All of Haploview's displays and option menus are available. See [4] for a full description of these features. In addition, the following changes and extensions are introduced:
-
Association: GEVALT contains a faster implementation of the permutation test in C++ instead of JAVA. The new implementation runs about 20 times faster than the JAVA implementation in Haploview. In the haplotype associations tab, a p-value is calculated for each block and for each haplotype (Figure 4).
-
Haplotypes: The common haplotypes in each block are computed based on the Gerbil solution.
-
Check markers: Phasing by Gerbil is done only for the set of picked markers. Whenever the set of picked markers changes, GEVALT recalculates the phasing, and all displays are updated accordingly.
Each of these displays and option menus is shown on a separate tab, allowing the user to move from one to the next. Interactive modifications made by the user in any panel are reflected in all the others. The information on each panel can also be exported to a PNG image file or to a text file. Additionally, the program has a command-line mode, which allows the user to run all the analyses without opening the GUI on one or more files at once.
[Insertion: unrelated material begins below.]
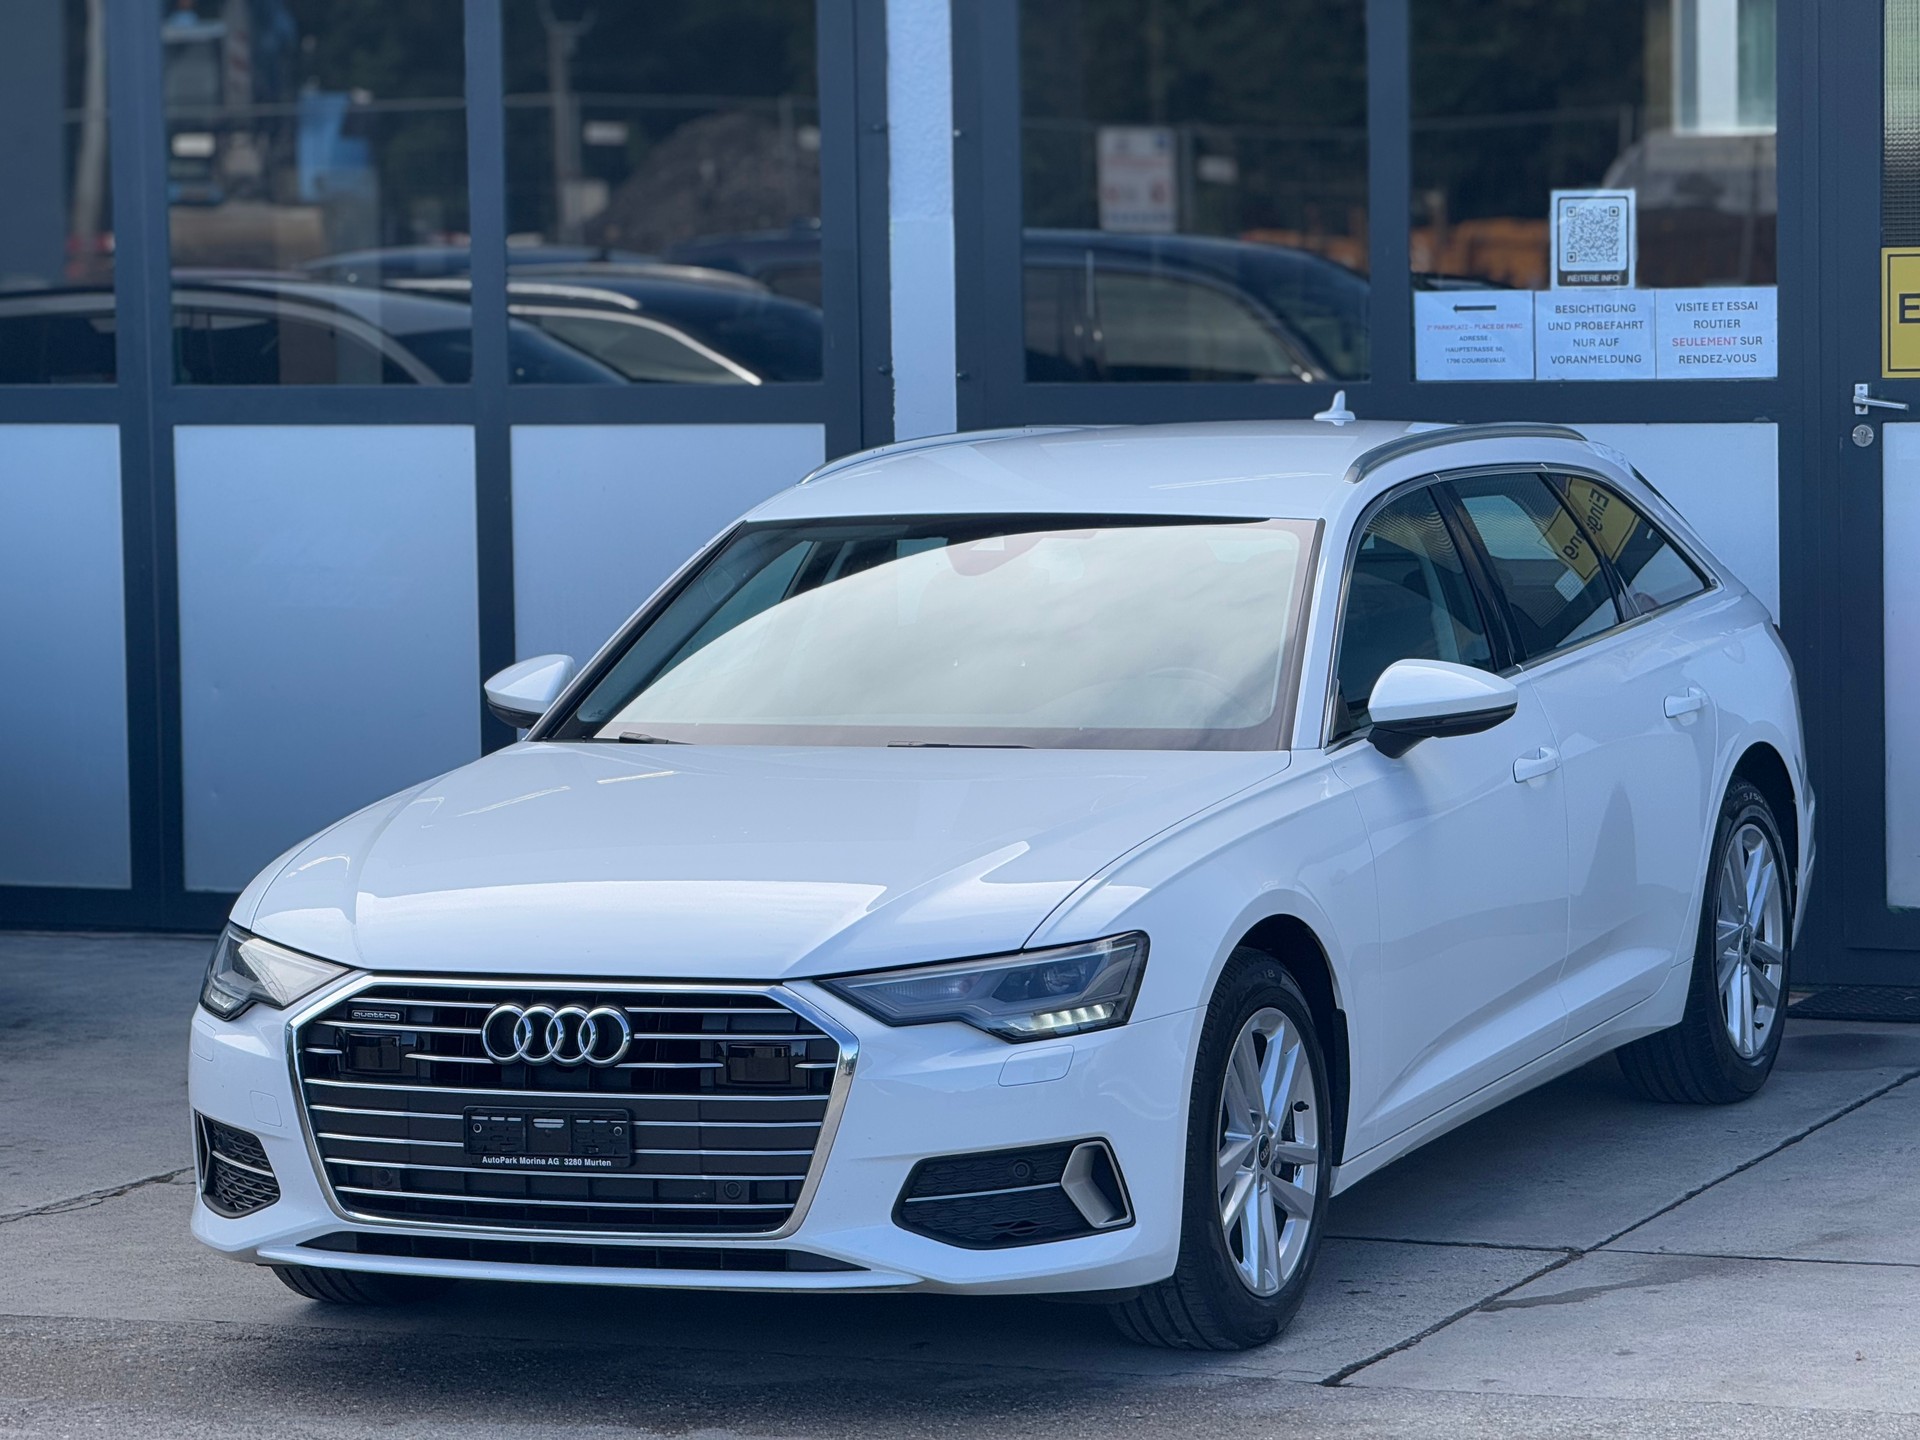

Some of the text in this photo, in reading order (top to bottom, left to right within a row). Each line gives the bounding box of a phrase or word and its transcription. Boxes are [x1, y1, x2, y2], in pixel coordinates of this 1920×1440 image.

The running time of GEVALT is dominated primarily by that of Gerbil and Stampa (see the references for detailed reports on the running times of these programs). All other operations, such as parameter adjustments and display changes, are done with no noticeable delay even for data sets with hundreds of markers and hundreds of individuals. Gerbil can currently handle up to 300 markers, while Stampa can handle thousands of markers. Both algorithms can handle thousands of individuals.
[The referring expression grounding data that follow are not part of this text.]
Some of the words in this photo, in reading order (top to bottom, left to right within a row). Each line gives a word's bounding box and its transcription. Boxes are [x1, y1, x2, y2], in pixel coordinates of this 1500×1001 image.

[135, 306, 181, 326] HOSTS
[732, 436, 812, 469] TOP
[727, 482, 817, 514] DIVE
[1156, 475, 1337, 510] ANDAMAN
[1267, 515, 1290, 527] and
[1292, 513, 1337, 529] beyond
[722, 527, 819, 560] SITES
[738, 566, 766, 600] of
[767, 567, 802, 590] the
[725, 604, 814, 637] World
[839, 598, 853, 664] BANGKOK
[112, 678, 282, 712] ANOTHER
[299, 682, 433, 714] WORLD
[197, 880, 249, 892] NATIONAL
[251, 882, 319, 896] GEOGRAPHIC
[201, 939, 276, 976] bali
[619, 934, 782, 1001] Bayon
To the best of our knowledge, only two extant programs offer both algorithmic and visualization tools for genotype analysis: Haploview [4] and HapScope [6]. As described above, GEVALT maintains the popular, user-friendly interface of Haploview, but replaces its standard EM algorithm for phasing with the Gerbil algorithm. This allows a more accurate estimation of the phased haplotypes and a visualization of each individual's inferred haplotypes (and not just common haplotypes as in Haploview). Besides the Tagger algorithm for tag SNPs selection implemented in Haploview (and also in GEVALT), GEVALT also offers STAMPA, which is not only very efficient, but also allows the user to choose the amount of tag SNPs. Other advantages and improvements over Haploview are listed above. A current limitation of Gerbil is allowing at most 300 markers. We intend to remove this limitation in the future (see below). The HapScope software includes analysis programs and a visualization tool. Most of the analyses are done separately using the command line and the results are then loaded into the visualization tool. In contrast, in GEVALT all the analyses are done within the graphical user interface, which makes it more user friendly and easy to use. HapScope uses PHASE [7] or SNPHAP [8] as its phasing algorithm. PHASE was shown to be slightly more accurate than Gerbil but much slower [1]. In contrast to HapScope, GEVALT facilitates association tests and can handle family structures. On the other hand, only HapScope includes modules for reference sequence annotation, SNP mapping and SNP classification.
We intend to continue the development of GEVALT. In particular, we shall extend Gerbil to handle more SNPs, and improve Stampa so that it incorporates into its solution predefined tag SNPs. We also intend to incorporate a new algorithm for evaluating the significance of disease association, which is dramatically faster than the standard permutation test [9].